Analysts at Nomura noted that EU ministers continue to push for Hard Brexit.
"The core leaders of the European Union have been vocal in their Hard Brexit rhetoric. At last week’s EU summit, Francois Hollande said that accepting free movement of people was a condition of securing access to the single market. Angela Merkel has previously showed no sign of giving up the values of free movement of labour.
The EU president Donald Tusk has also repeatedly warned it is “Hard Brexit or no Brexit”. While the EU “core” is pushing for a Hard Brexit – either as a negotiating stance or out of principle – the non-core countries may be more flexible about the UK’s deal. EU perspectives on Brexit”, the final deal must not just be accepted by the UK, but unanimously by all other member states.
The divergence of opinion within the EU could work in the UK’s favour, perhaps providing opportunities to exploit differences between member states. Furthermore, euroscepticism developing in many countries could soften the hardline stance of some members. Moreover, unanimous voting systems tend to favour status-quo outcomes.

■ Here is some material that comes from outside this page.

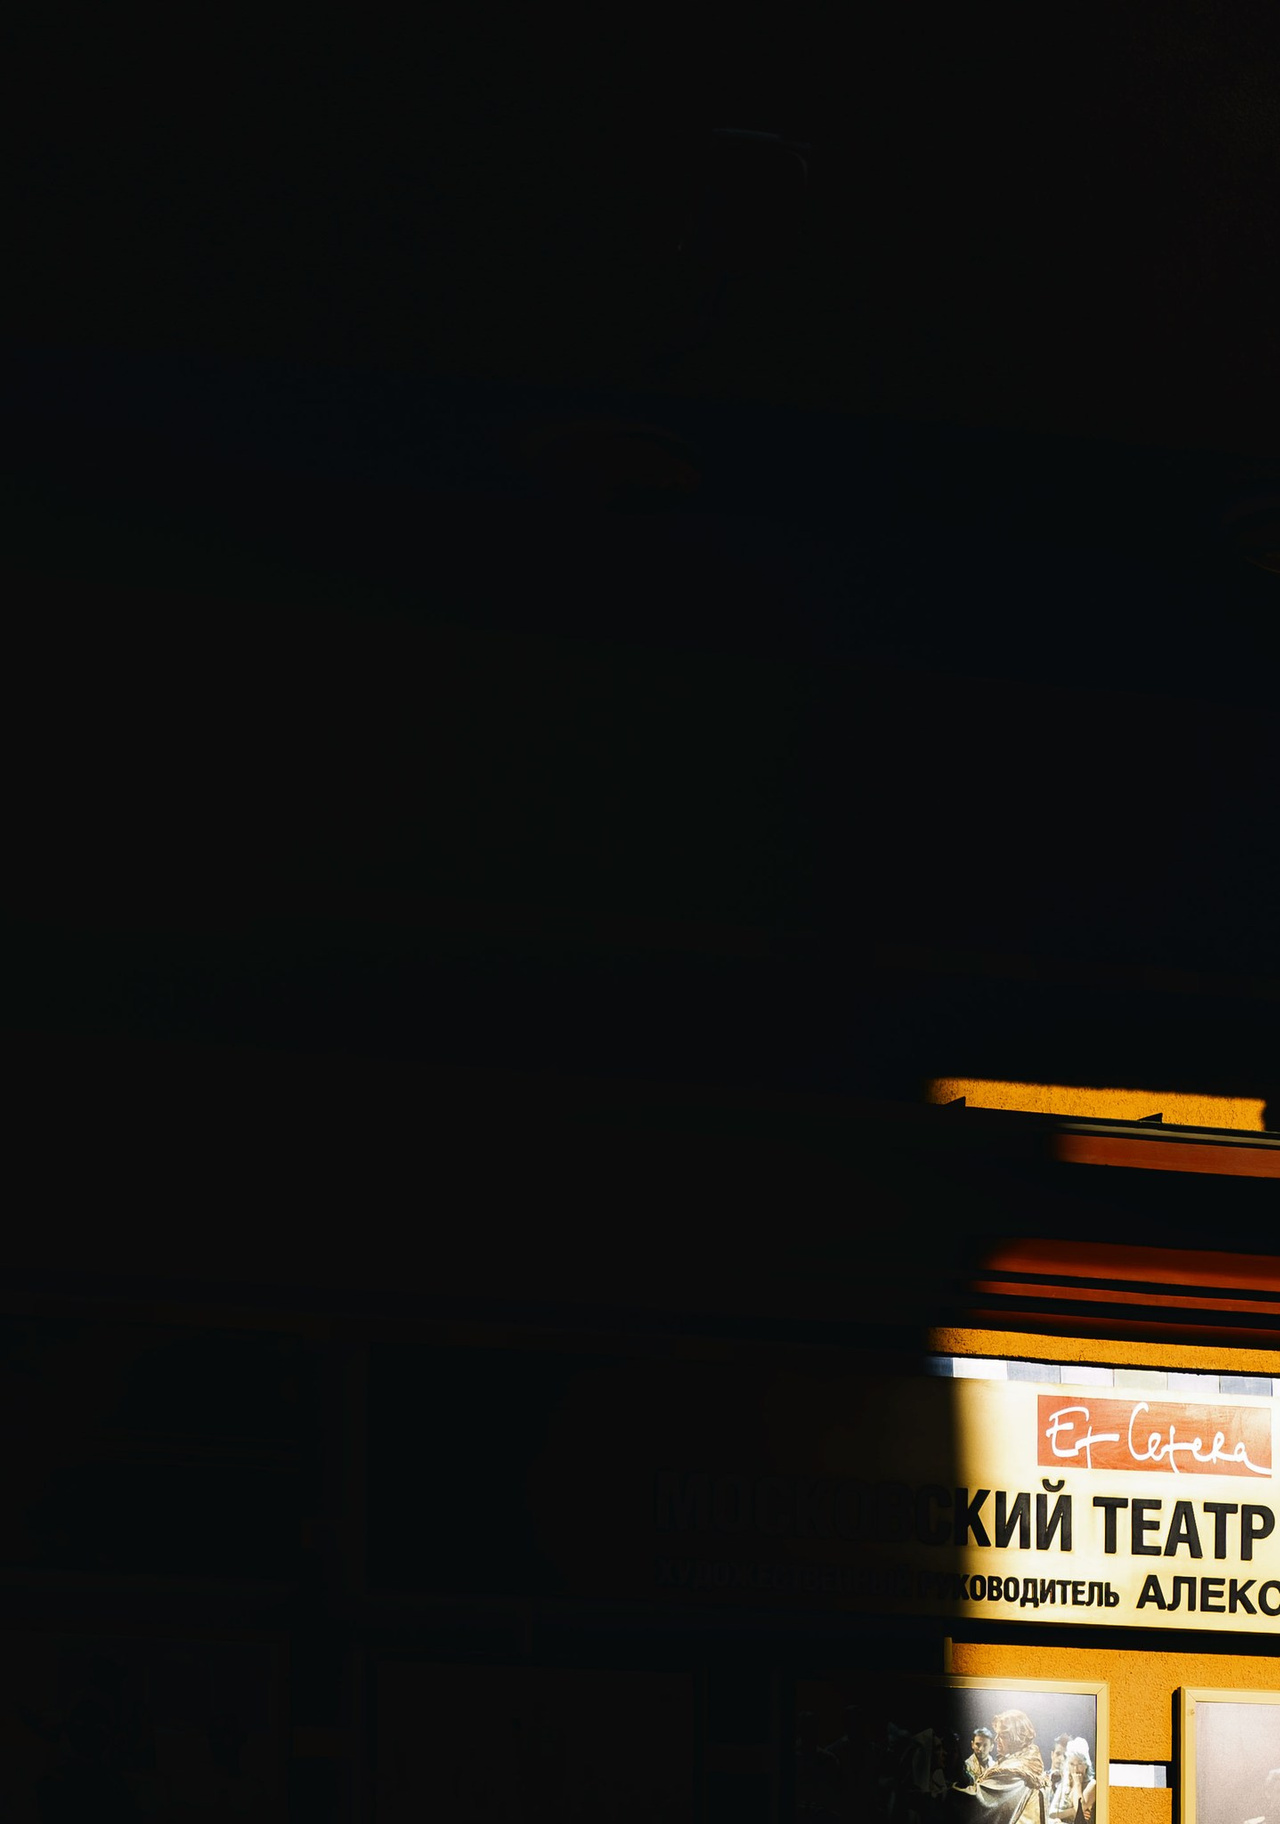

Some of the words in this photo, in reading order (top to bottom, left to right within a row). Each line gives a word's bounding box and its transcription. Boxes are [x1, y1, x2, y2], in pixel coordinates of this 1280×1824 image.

[1046, 1406, 1120, 1469] Et
[1128, 1401, 1273, 1474] Cetera
[1092, 1496, 1276, 1561] ТЕАТР

While momentum is headed for a Hard Brexit, if support for a Soft Brexit increased within non-core members, the hardline rhetoric could weaken. However, there are a number of caveats to these arguments. Core EU countries could likely find ways of incentivising peripheral countries to endorse a “Hard Brexit”.
The rise of euroscepticism also provides incentives for the establishment to make an example out of the UK’s exit."